--- Records supplied Enclosed Below ---
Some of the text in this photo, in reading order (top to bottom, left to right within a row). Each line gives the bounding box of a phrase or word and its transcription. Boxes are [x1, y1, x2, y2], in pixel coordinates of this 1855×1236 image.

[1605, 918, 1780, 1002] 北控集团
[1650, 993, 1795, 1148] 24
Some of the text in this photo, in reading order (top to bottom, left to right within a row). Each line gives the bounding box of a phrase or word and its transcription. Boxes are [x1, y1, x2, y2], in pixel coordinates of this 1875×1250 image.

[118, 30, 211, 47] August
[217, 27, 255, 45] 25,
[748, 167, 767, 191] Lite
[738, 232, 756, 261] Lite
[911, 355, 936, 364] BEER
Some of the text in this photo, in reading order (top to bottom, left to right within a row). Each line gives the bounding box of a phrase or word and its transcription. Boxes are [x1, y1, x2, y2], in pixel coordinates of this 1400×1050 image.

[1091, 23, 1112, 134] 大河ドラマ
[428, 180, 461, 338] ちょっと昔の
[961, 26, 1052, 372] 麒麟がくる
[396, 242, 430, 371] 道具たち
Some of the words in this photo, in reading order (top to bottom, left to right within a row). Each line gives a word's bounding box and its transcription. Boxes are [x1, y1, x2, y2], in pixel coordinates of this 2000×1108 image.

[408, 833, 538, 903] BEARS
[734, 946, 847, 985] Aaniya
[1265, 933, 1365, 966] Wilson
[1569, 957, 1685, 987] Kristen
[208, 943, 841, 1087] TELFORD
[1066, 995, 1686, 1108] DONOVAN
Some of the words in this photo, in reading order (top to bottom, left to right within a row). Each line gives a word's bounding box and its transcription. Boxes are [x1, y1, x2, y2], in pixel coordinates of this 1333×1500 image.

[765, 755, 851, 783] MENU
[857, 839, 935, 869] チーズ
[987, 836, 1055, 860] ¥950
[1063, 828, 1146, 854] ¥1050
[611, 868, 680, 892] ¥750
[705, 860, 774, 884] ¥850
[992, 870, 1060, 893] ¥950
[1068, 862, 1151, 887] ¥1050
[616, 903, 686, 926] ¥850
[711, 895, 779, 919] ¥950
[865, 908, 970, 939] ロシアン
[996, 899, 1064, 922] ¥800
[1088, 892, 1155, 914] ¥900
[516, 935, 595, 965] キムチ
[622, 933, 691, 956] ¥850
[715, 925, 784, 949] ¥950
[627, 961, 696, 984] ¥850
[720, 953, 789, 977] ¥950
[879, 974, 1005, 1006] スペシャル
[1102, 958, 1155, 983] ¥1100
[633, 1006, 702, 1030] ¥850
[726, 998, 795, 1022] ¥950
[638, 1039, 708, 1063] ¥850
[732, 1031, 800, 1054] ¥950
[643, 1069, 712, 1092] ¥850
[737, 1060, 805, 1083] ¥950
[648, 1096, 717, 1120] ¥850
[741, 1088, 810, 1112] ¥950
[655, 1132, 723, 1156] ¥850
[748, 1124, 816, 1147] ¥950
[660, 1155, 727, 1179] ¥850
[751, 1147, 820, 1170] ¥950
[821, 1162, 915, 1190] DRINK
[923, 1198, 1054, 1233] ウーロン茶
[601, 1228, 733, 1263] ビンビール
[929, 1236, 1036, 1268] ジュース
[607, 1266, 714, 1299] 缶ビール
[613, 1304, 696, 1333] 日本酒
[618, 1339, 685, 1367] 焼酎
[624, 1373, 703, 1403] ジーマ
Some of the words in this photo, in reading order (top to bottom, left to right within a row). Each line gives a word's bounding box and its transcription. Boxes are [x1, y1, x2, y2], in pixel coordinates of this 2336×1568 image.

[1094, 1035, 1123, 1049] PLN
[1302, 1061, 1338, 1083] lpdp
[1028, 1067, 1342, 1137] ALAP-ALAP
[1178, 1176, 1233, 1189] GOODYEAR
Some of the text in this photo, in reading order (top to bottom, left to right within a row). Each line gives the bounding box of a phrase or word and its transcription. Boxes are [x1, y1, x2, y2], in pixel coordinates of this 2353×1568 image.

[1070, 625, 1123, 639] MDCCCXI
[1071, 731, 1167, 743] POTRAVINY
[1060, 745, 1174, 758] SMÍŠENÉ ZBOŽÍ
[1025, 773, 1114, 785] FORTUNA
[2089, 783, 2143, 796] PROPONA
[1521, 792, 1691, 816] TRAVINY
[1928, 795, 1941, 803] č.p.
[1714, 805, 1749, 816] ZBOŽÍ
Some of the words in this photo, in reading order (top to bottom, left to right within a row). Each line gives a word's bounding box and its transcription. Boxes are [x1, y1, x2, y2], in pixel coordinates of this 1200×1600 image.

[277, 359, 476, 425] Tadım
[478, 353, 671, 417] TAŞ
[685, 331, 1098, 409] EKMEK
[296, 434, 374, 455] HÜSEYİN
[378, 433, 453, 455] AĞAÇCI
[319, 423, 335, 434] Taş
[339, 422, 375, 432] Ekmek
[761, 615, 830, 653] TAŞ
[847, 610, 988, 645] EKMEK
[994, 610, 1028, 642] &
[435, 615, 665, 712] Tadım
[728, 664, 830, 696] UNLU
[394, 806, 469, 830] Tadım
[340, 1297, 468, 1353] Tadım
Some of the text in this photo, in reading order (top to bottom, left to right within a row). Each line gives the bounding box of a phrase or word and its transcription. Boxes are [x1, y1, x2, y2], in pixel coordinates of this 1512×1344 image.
--- End of Enclosed Records supplied ---
▶ **Instructions to follow**
Write out the records. Leave nothing out and change nothing.

▶ **Solution for this task**
Some of the text in this photo, in reading order (top to bottom, left to right within a row). Each line gives the bounding box of a phrase or word and its transcription. Boxes are [x1, y1, x2, y2], in pixel coordinates of this 1855×1236 image.

[1605, 918, 1780, 1002] 北控集团
[1650, 993, 1795, 1148] 24
Some of the text in this photo, in reading order (top to bottom, left to right within a row). Each line gives the bounding box of a phrase or word and its transcription. Boxes are [x1, y1, x2, y2], in pixel coordinates of this 1875×1250 image.

[118, 30, 211, 47] August
[217, 27, 255, 45] 25,
[748, 167, 767, 191] Lite
[738, 232, 756, 261] Lite
[911, 355, 936, 364] BEER
Some of the text in this photo, in reading order (top to bottom, left to right within a row). Each line gives the bounding box of a phrase or word and its transcription. Boxes are [x1, y1, x2, y2], in pixel coordinates of this 1400×1050 image.

[1091, 23, 1112, 134] 大河ドラマ
[428, 180, 461, 338] ちょっと昔の
[961, 26, 1052, 372] 麒麟がくる
[396, 242, 430, 371] 道具たち
Some of the words in this photo, in reading order (top to bottom, left to right within a row). Each line gives a word's bounding box and its transcription. Boxes are [x1, y1, x2, y2], in pixel coordinates of this 2000×1108 image.

[408, 833, 538, 903] BEARS
[734, 946, 847, 985] Aaniya
[1265, 933, 1365, 966] Wilson
[1569, 957, 1685, 987] Kristen
[208, 943, 841, 1087] TELFORD
[1066, 995, 1686, 1108] DONOVAN
Some of the words in this photo, in reading order (top to bottom, left to right within a row). Each line gives a word's bounding box and its transcription. Boxes are [x1, y1, x2, y2], in pixel coordinates of this 1333×1500 image.

[765, 755, 851, 783] MENU
[857, 839, 935, 869] チーズ
[987, 836, 1055, 860] ¥950
[1063, 828, 1146, 854] ¥1050
[611, 868, 680, 892] ¥750
[705, 860, 774, 884] ¥850
[992, 870, 1060, 893] ¥950
[1068, 862, 1151, 887] ¥1050
[616, 903, 686, 926] ¥850
[711, 895, 779, 919] ¥950
[865, 908, 970, 939] ロシアン
[996, 899, 1064, 922] ¥800
[1088, 892, 1155, 914] ¥900
[516, 935, 595, 965] キムチ
[622, 933, 691, 956] ¥850
[715, 925, 784, 949] ¥950
[627, 961, 696, 984] ¥850
[720, 953, 789, 977] ¥950
[879, 974, 1005, 1006] スペシャル
[1102, 958, 1155, 983] ¥1100
[633, 1006, 702, 1030] ¥850
[726, 998, 795, 1022] ¥950
[638, 1039, 708, 1063] ¥850
[732, 1031, 800, 1054] ¥950
[643, 1069, 712, 1092] ¥850
[737, 1060, 805, 1083] ¥950
[648, 1096, 717, 1120] ¥850
[741, 1088, 810, 1112] ¥950
[655, 1132, 723, 1156] ¥850
[748, 1124, 816, 1147] ¥950
[660, 1155, 727, 1179] ¥850
[751, 1147, 820, 1170] ¥950
[821, 1162, 915, 1190] DRINK
[923, 1198, 1054, 1233] ウーロン茶
[601, 1228, 733, 1263] ビンビール
[929, 1236, 1036, 1268] ジュース
[607, 1266, 714, 1299] 缶ビール
[613, 1304, 696, 1333] 日本酒
[618, 1339, 685, 1367] 焼酎
[624, 1373, 703, 1403] ジーマ
Some of the words in this photo, in reading order (top to bottom, left to right within a row). Each line gives a word's bounding box and its transcription. Boxes are [x1, y1, x2, y2], in pixel coordinates of this 2336×1568 image.

[1094, 1035, 1123, 1049] PLN
[1302, 1061, 1338, 1083] lpdp
[1028, 1067, 1342, 1137] ALAP-ALAP
[1178, 1176, 1233, 1189] GOODYEAR
Some of the text in this photo, in reading order (top to bottom, left to right within a row). Each line gives the bounding box of a phrase or word and its transcription. Boxes are [x1, y1, x2, y2], in pixel coordinates of this 2353×1568 image.

[1070, 625, 1123, 639] MDCCCXI
[1071, 731, 1167, 743] POTRAVINY
[1060, 745, 1174, 758] SMÍŠENÉ ZBOŽÍ
[1025, 773, 1114, 785] FORTUNA
[2089, 783, 2143, 796] PROPONA
[1521, 792, 1691, 816] TRAVINY
[1928, 795, 1941, 803] č.p.
[1714, 805, 1749, 816] ZBOŽÍ
Some of the words in this photo, in reading order (top to bottom, left to right within a row). Each line gives a word's bounding box and its transcription. Boxes are [x1, y1, x2, y2], in pixel coordinates of this 1200×1600 image.

[277, 359, 476, 425] Tadım
[478, 353, 671, 417] TAŞ
[685, 331, 1098, 409] EKMEK
[296, 434, 374, 455] HÜSEYİN
[378, 433, 453, 455] AĞAÇCI
[319, 423, 335, 434] Taş
[339, 422, 375, 432] Ekmek
[761, 615, 830, 653] TAŞ
[847, 610, 988, 645] EKMEK
[994, 610, 1028, 642] &
[435, 615, 665, 712] Tadım
[728, 664, 830, 696] UNLU
[394, 806, 469, 830] Tadım
[340, 1297, 468, 1353] Tadım
Some of the text in this photo, in reading order (top to bottom, left to right within a row). Each line gives the bounding box of a phrase or word and its transcription. Boxes are [x1, y1, x2, y2], in pixel coordinates of this 1512×1344 image.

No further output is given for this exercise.